Polícia do Japão vai tornar teste para motoristas idosos mais rigoroso

Tóquio – A Agência Nacional de Polícia do Japão (ANP) revisará o teste obrigatório de habilidades de direção aplicado a motoristas com 75 anos ou mais que cometeram determinadas infrações de trânsito. A decisão vem após um estudo da polícia constatar que esses condutores são mais propensos a se envolver em acidentes.
De acordo com a Agência, o índice de acidentes provocados por motoristas que fizeram o teste de habilidades foi 2,8 vezes maior do que o registrado entre aqueles que não estavam sujeitos a ele, publicou a Jiji Press.
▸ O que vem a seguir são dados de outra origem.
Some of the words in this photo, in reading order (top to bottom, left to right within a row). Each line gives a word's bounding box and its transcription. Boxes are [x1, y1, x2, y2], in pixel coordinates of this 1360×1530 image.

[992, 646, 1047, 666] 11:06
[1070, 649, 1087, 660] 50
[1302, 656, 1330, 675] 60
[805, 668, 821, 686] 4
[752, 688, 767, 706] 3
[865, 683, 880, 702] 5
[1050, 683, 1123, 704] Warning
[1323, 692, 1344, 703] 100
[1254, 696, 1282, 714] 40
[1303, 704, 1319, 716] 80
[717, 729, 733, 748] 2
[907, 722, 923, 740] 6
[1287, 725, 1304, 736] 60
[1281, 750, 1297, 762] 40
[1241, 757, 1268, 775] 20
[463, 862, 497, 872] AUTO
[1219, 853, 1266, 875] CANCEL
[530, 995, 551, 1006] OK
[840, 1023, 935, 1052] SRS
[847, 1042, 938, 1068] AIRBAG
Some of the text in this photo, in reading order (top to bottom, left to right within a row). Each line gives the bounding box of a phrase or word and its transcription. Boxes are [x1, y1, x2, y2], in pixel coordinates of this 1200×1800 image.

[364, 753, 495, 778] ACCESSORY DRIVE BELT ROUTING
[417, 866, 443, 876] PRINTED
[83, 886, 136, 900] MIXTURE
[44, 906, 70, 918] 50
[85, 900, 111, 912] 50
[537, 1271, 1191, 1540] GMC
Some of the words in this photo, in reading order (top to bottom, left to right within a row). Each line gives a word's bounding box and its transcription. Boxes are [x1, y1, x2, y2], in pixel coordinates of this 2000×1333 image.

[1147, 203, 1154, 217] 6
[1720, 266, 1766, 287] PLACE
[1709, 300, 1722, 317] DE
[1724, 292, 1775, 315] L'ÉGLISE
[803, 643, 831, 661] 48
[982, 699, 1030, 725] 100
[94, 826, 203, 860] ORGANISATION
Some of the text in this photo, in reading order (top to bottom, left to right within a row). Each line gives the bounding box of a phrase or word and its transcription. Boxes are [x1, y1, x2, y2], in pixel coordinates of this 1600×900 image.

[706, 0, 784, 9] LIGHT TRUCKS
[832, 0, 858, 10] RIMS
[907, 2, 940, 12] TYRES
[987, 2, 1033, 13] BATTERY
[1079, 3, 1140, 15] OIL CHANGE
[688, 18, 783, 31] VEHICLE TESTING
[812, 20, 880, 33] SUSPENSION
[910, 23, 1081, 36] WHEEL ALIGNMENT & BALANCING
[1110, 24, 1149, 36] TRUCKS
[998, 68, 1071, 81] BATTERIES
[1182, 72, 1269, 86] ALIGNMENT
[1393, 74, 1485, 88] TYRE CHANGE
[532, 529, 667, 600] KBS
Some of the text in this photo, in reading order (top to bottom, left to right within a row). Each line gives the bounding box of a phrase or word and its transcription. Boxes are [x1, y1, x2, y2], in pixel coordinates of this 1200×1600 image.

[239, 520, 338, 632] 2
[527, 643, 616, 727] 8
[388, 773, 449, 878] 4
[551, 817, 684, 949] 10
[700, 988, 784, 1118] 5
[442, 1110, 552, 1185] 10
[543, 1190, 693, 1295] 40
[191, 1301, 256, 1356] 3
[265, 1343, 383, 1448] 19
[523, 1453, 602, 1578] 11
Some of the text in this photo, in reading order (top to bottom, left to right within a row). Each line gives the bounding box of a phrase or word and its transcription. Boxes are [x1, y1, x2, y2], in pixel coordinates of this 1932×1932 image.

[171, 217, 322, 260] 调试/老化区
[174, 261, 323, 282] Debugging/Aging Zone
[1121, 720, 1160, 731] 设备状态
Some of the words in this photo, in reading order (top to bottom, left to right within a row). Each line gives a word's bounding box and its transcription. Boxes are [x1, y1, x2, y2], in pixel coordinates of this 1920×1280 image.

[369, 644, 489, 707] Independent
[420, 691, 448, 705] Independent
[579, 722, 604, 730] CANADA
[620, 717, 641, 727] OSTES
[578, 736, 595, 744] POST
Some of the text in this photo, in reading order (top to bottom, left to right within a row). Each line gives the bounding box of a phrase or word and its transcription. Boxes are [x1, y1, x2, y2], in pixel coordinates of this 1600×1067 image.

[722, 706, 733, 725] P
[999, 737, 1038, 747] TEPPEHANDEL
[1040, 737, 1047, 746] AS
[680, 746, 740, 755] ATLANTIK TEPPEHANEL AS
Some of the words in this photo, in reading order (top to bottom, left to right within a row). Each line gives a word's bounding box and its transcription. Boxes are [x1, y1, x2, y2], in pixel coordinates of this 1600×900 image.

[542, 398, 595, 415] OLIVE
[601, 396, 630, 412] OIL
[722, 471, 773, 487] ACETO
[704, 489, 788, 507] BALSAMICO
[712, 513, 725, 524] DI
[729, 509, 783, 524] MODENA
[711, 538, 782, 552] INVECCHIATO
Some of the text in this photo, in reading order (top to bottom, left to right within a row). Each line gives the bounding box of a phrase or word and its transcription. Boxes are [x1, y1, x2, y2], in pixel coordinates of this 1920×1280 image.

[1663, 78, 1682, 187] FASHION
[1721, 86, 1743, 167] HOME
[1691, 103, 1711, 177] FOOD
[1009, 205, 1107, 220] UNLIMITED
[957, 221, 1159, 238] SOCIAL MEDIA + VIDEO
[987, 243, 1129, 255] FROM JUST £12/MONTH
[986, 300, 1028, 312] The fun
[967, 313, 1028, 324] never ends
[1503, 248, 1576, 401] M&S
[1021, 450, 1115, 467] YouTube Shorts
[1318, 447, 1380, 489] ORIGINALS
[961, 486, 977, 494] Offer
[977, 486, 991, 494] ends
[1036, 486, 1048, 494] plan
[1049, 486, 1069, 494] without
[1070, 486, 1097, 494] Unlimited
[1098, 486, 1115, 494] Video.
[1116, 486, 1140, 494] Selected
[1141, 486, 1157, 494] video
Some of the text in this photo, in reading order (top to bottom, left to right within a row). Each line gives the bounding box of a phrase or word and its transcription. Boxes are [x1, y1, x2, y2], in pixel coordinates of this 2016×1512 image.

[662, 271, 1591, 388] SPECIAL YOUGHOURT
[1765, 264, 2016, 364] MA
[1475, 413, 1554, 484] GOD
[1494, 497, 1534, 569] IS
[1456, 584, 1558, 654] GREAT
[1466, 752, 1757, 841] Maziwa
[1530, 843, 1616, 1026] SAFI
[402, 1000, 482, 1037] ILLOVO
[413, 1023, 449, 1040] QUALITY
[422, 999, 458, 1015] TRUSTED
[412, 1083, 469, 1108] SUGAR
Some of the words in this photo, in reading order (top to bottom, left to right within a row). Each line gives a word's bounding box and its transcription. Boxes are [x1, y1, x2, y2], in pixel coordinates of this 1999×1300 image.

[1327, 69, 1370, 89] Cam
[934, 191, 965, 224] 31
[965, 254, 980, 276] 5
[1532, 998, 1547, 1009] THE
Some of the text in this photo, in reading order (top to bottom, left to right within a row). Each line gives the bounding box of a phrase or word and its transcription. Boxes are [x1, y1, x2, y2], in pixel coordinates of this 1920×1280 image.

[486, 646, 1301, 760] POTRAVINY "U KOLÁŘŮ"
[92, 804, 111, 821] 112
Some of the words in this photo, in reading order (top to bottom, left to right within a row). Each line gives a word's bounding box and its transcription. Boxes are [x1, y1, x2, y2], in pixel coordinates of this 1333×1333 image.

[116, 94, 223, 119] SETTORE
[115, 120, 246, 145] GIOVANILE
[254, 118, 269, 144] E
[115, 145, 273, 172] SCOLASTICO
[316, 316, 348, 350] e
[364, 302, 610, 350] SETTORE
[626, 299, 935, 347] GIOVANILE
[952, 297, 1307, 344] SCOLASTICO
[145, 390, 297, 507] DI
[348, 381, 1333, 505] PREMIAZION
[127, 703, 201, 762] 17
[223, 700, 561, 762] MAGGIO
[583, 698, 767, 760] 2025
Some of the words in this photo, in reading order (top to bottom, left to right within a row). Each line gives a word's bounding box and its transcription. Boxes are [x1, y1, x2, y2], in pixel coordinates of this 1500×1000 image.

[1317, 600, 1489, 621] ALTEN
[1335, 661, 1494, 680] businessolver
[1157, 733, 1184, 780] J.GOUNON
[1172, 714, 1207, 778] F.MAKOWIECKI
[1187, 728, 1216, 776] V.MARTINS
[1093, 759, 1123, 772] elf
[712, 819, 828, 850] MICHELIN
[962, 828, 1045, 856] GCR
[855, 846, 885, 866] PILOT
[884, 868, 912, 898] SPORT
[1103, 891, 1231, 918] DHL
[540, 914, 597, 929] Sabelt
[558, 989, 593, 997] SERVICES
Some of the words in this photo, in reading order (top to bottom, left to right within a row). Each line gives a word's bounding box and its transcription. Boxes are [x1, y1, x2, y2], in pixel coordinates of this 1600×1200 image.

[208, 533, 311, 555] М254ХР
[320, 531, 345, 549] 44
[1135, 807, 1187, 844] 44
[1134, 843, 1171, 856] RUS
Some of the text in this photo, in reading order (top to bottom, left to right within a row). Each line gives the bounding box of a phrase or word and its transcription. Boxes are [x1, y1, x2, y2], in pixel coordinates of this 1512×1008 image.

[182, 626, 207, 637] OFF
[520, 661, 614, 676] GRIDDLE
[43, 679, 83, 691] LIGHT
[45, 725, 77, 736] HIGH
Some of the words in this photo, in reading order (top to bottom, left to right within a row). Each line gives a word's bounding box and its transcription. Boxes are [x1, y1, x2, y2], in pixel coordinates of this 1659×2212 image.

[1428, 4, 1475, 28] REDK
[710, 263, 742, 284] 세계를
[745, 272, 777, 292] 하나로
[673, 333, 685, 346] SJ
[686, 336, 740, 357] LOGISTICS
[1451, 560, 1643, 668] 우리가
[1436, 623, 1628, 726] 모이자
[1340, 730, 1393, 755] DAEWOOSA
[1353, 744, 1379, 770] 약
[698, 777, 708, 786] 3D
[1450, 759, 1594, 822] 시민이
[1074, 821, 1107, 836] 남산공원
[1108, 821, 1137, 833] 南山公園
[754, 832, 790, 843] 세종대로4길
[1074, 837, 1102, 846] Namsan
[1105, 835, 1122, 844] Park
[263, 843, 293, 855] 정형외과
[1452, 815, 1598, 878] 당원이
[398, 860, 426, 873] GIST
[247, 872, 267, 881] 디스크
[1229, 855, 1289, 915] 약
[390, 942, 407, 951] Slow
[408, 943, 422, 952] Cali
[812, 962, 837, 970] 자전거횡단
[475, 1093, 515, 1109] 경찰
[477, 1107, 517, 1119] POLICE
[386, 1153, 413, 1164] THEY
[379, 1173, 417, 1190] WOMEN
Como o teste parece não estar funcionando de forma eficaz, a Agência decidiu reexaminar o conteúdo aplicado aos motoristas mais velhos. Para isso, criará um painel de especialistas para discutir possíveis reformas e compilar um relatório já em agosto.
Um funcionário da ANP disse que a revisão do sistema busca garantir a identificação precisa de motoristas que possam representar um risco à segurança no trânsito.
Teste iniciou em 2022
O teste de habilidades de direção começou a ser aplicado em 2022, com o objetivo de avaliar o declínio das funções físicas entre motoristas idosos.
O exame é obrigatório para motoristas com 75 anos ou mais que tenham cometido determinadas infrações de trânsito, como avançar o sinal vermelho ou dirigir em excesso de velocidade, nos três anos anteriores ao aniversário que antecede o vencimento da carteira de habilitação.
Esses motoristas não poderão renovar o documento caso não sejam aprovados no teste prático de direção, que analisa a capacidade de seguir a sinalização, como placas e semáforos, e de operar o volante e os freios.
Em geral, pelo menos 10% dos motoristas que renovam suas carteiras de habilitação estão sujeitos ao teste. No ano passado, 156.513 condutores fizeram o exame, e 93% deles foram aprovados.
Para definir se o teste continuava eficaz, a polícia fez uma pesquisa de acompanhamento, monitorando acidentes e infrações por dois anos. Foram analisadas 5.270 pessoas que passaram no teste entre maio e agosto de 2023 e outras 8.233 que participaram do curso de treinamento para motoristas idosos sem histórico das infrações que tornam o exame obrigatório.
A pesquisa mostrou que ocorreram 83 acidentes entre os participantes do teste e 47 entre aqueles que fizeram o curso de treinamento.
Com base nisso, a polícia concluiu que o índice de acidentes entre os que passaram pelo teste foi 2,8 vezes maior do que entre os que participaram do curso de treinamento.
O índice foi 4,5 vezes maior entre motoristas com idades entre 75 e 79 anos. O índice de infrações de trânsito também foi cerca de duas vezes maior entre os participantes do teste.
A causa mais comum dos acidentes foi a observação inadequada à frente, à esquerda e à direita. O estudo encontrou uma correlação entre esses acidentes e itens que geram mais pontos de penalidade no teste prático de direção, incluindo deixar de parar em uma placa de pare.
Agora, a Agência quer tornar o teste mais rigoroso, com a revisão dos critérios de pontuação ou a inclusão de novos itens a serem avaliados. O painel também deve considerar medidas destinadas a reduzir acidentes causados pelo acionamento equivocado do acelerador em vez do freio, um tipo de acidente comum entre motoristas idosos.